**WHAT YOU ARE ASKED TO DO**
Word for word, give the data again without its pictures.

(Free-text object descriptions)
....

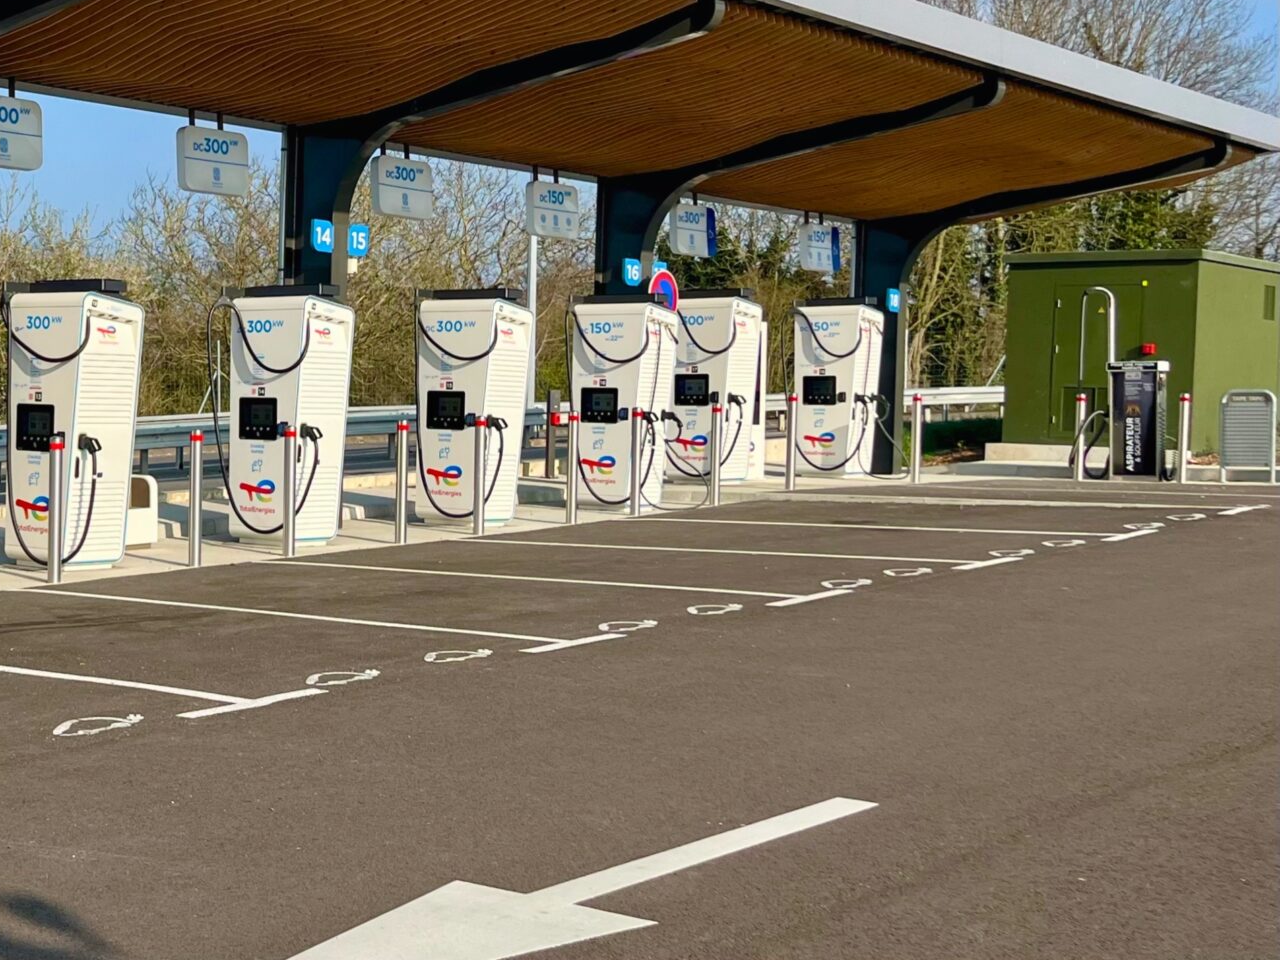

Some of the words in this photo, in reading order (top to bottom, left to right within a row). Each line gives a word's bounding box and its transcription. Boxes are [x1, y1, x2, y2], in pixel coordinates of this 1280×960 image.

[315, 226, 332, 246] 14
[351, 231, 367, 250] 15
[626, 264, 640, 281] 16
[1125, 417, 1135, 472] ASPIRATEUR
[1134, 417, 1142, 456] SOUFFLEUR

....

**OUTPUT FOR THIS EXERCISE**
Some of the words in this photo, in reading order (top to bottom, left to right within a row). Each line gives a word's bounding box and its transcription. Boxes are [x1, y1, x2, y2], in pixel coordinates of this 1280×960 image.

[315, 226, 332, 246] 14
[351, 231, 367, 250] 15
[626, 264, 640, 281] 16
[1125, 417, 1135, 472] ASPIRATEUR
[1134, 417, 1142, 456] SOUFFLEUR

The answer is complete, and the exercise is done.